NEW YORK - So was he fat or svelte or maybe a tad chubby? Was it really a slip on the ice or could it have been something else - even, dare it be said, something he ate?
Now there are confidential documents passed to the media, still more dueling authorities, not to mention the ticklish matter of the mayor and the doctor's widow and the promised steak dinner.
Oh, the mess goes on and on like a seven-course meal.
Dr. Robert Atkins, the diet doctor who popularized the notion that dieters could eat fat and lose weight, has been dead for nearly a year, after the 72-year-old fell on some ice and hit his head. Yet indecorous questions about his health and, yes, his weight persist, and the mayor, who hasn't even been on the diet, can't seem to stay out of it.
The latest twist is the publication in The Wall Street Journal yesterday of details from Atkins' confidential medical report. The report concludes that Atkins had a history of heart attack and congestive heart failure and notes that he weighed a chunky 258 pounds at his death.
The release of the report by New York City officials outraged the Atkins people. It also annoyed Mayor Michael R. Bloomberg, already on delicate ground in Atkins matters.
"What happened is we made a mistake," said Ellen Borakove, spokeswoman for the city medical examiner's office. Late last year, the office received a request for Atkins' medical report from Dr. Richard Fleming of the Fleming Heart and Health Institute in Omaha, Neb. On Dec. 22, a member of the records staff mistakenly mailed it out.
While cause and manner of death are public information, medical reports are not. They are to be shared only with the next of kin or anyone authorized by the next of kin, a physician or medical facility that treated the deceased or any state or federal facility that legitimately needs it.
So it was fine to tell the world that the cause of death was "blunt impact injury of head with epidural hematoma" because Atkins "fell from upright position," but that's it.
Fleming was not a treating physician, and, according to Borakove, did not say that he was. A critic of the Atkins diet, he passed the report on to a group he was acquainted with, the Physicians Committee for Responsible Medicine, which promotes a vegetarian diet and denounces the Atkins plan.
The Physicians Committee gave the report to The Journal. Borakove said that a television station in New York apparently also has a copy, because the station called her last week. (The Physicians Committee furnished a copy yesterday to the Times.)
The medical report was an external examination of the body that concluded that Atkins had a history of heart attack, congestive heart failure and hypertension.

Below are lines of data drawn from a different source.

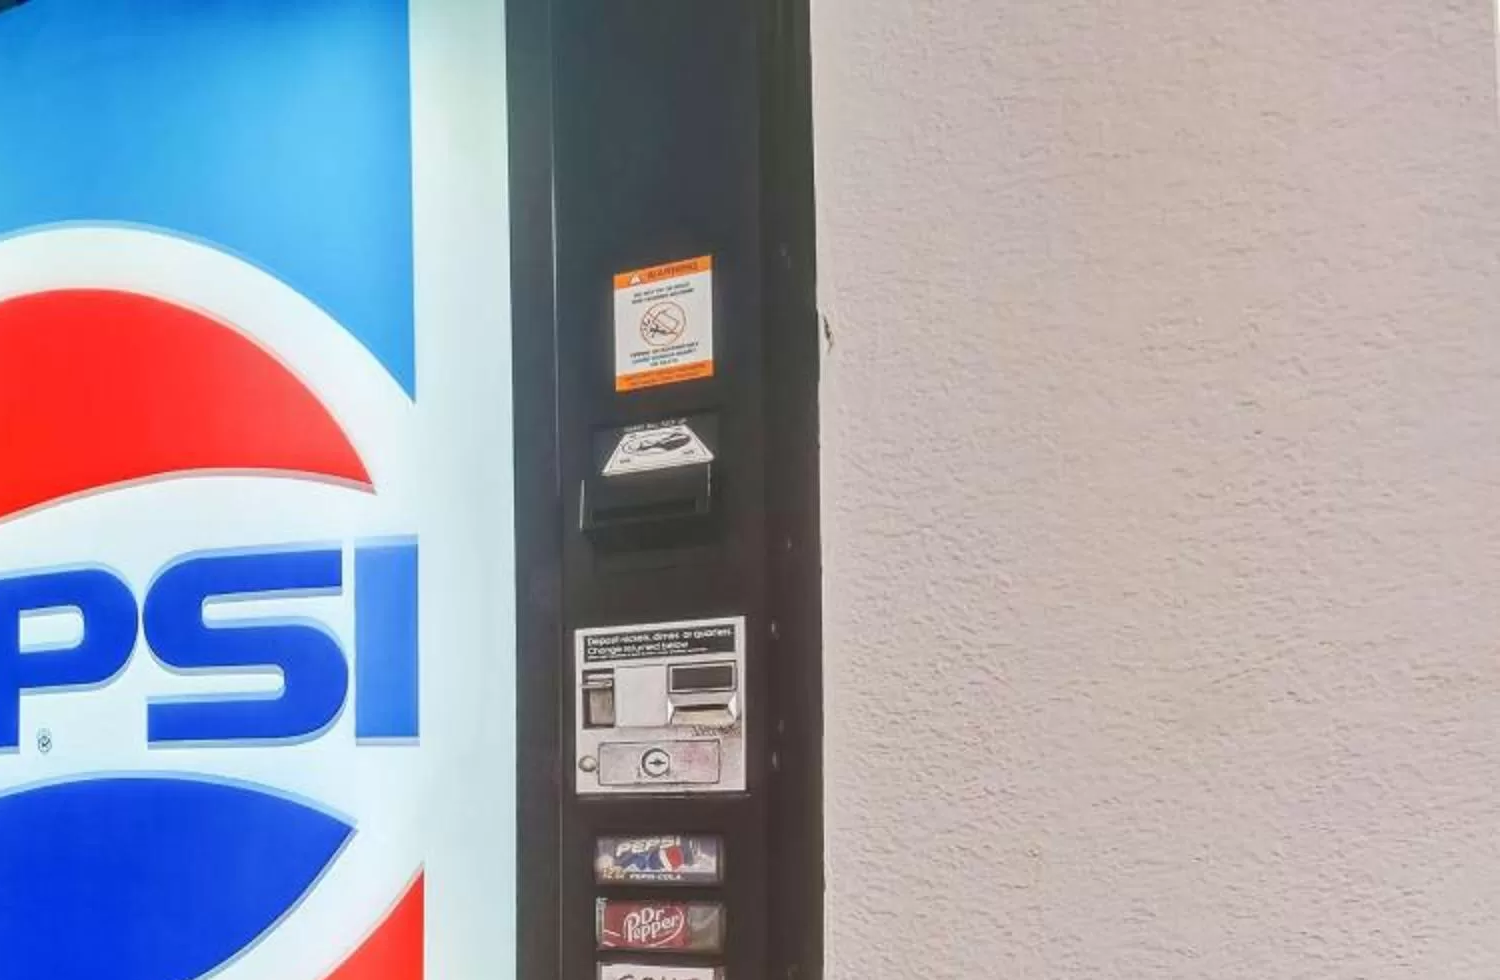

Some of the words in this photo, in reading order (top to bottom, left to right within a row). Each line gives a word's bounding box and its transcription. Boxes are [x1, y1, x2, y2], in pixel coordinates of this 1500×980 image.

[616, 836, 681, 857] PEPSI
[641, 907, 664, 924] Dr
[623, 911, 680, 943] Pepper
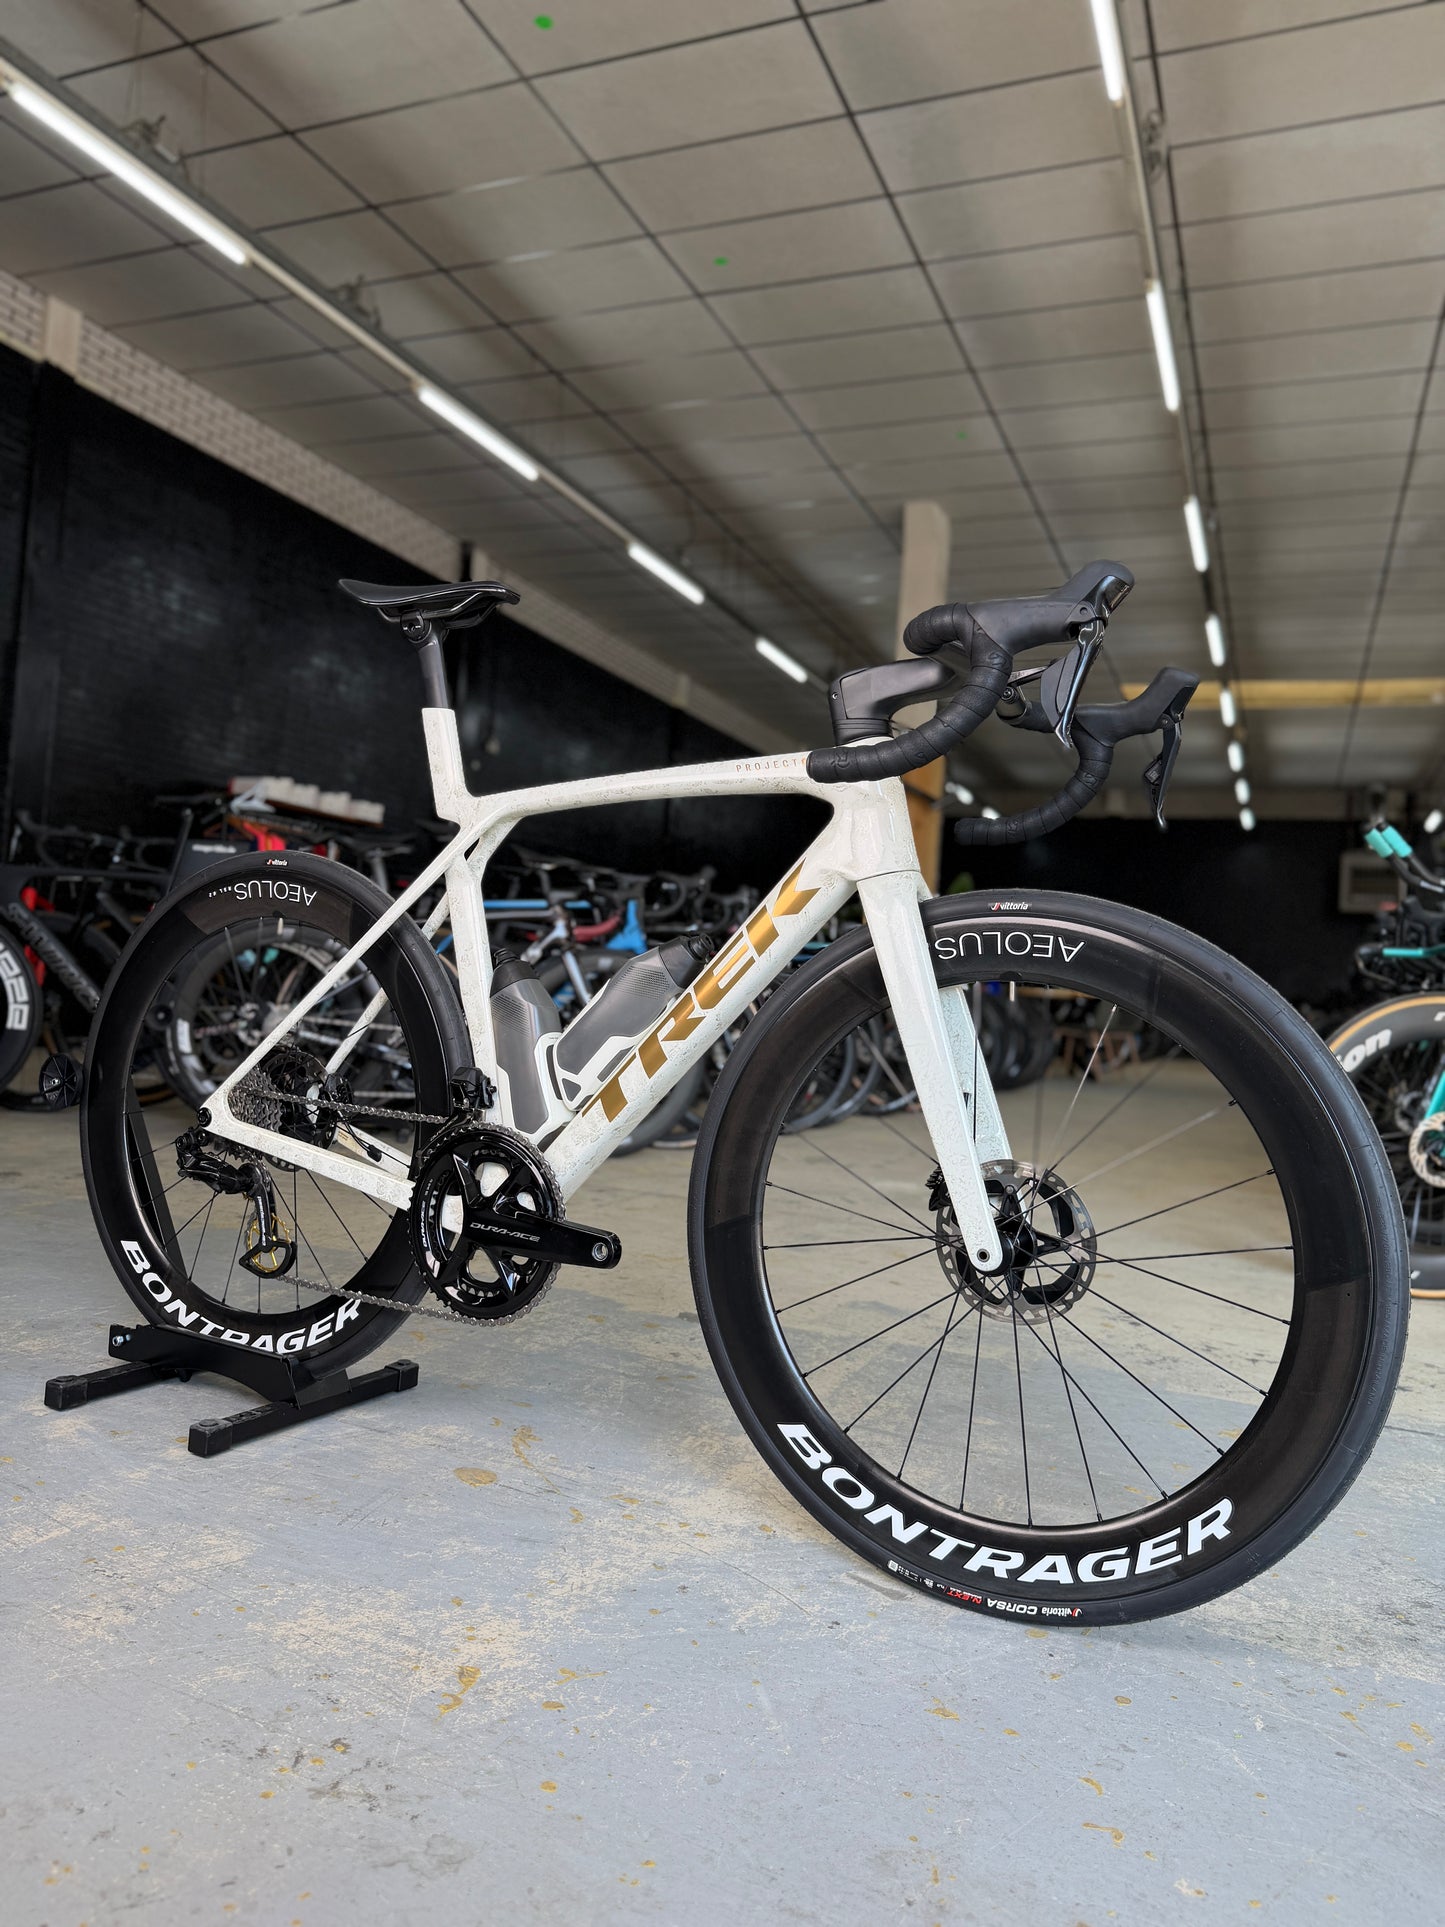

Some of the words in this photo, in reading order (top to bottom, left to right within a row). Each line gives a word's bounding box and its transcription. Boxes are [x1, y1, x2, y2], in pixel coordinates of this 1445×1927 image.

[736, 759, 797, 772] PROJECT
[234, 880, 317, 906] AEOLUS
[999, 902, 1029, 911] vittoria
[934, 931, 1085, 963] AEOLUS
[581, 856, 822, 1123] TREK
[469, 1222, 541, 1242] DURA-ACE
[776, 1422, 1234, 1584] BONTRAGER
[986, 1598, 1038, 1615] CORSA
[1041, 1607, 1073, 1617] vittoria

Because Atkins' wife objected to an autopsy, Borakove said, none was performed.
Responses to the medical report's release came quickly from Atkins' supporters. Dr. Stuart Trager, chairman of the Atkins Physicians Council, said the story in the Journal "was based on incomplete personal medical records that were illegally delivered to the newspaper in violation of federal law."

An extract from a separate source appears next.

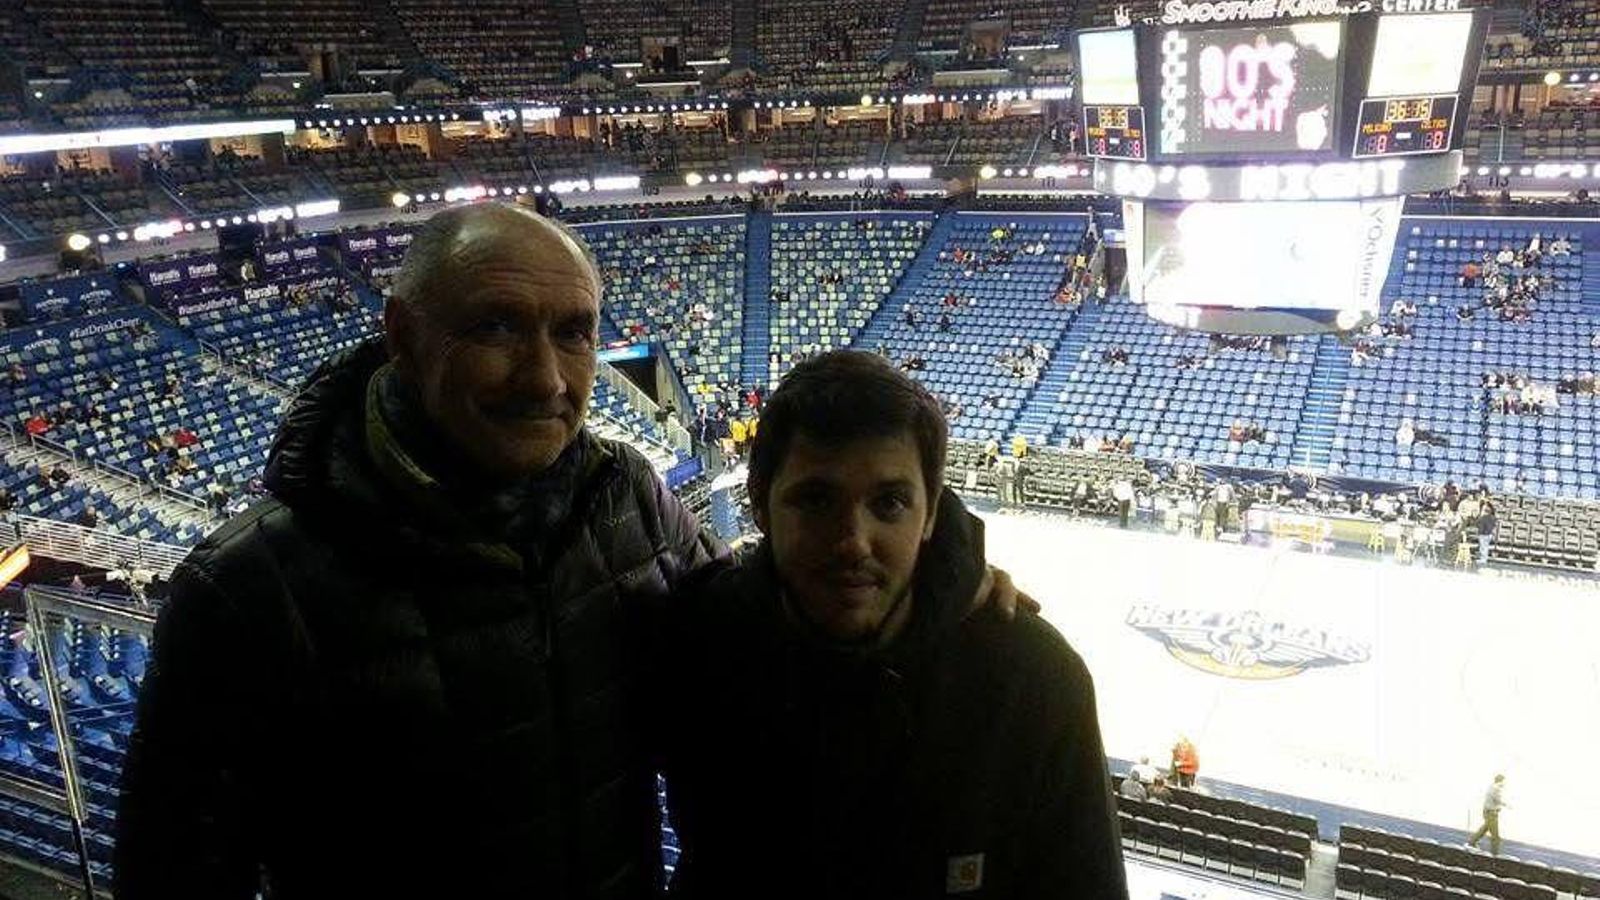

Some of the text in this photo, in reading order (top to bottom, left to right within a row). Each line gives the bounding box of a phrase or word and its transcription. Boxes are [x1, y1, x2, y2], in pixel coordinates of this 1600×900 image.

[1161, 0, 1275, 24] SMOOTHIE
[1382, 0, 1458, 12] CENTER
[1203, 98, 1290, 132] NIGHT
[1240, 160, 1405, 199] NIGHT

He said that Atkins did not have a history of heart attack, nor was he obese. He said that Atkins weighed 195 pounds the day after he entered the hospital following his fall, and that he gained 63 pounds from fluid retention during the nine days he was in a coma before he died. "Friends say he was nearly unrecognizable," he said.
Trager said that Atkins did have cardiomyopathy, a heart muscle disease that was probably caused by a virus and not by what he ate. While Atkins had a cardiac arrest the year before his death, Trager said he was unaware that he had had any history of heart attack.
"Old age was not particularly kind to him," he said. "This cardiomyopathy was a real bugger. But the physicians who were treating him had no reason to think it was diet-related."
Veronica Atkins, Atkins' widow, issued a statement yesterday expressing her horror at "unscrupulous individuals" who "continue to twist and pervert the truth." She went on to say, "I have been assured by my husband's physicians that my husband's health problems late in life were completely unrelated to his diet or any diet."
Dr. Neal Barnard, president of the Physicians Committee for Responsible Medicine, made it clear that it was not Atkins' health alone that interested him. "I'm concerned about the Atkins machine trying to play the card that Atkins was healthy and thin into old age," he said. In his view, the Atkins diet "was and is an imminent public health threat."
Dr. John McDougall, a member of the Physicians Committee and an internist who had debated Atkins, said there was no doubt that Atkins had lost weight after his cardiac arrest, but before that was a different story. "I knew the man," he said. "He was grossly overweight. I thought he was 40 to 60 pounds overweight when I saw him, and I'm being kind."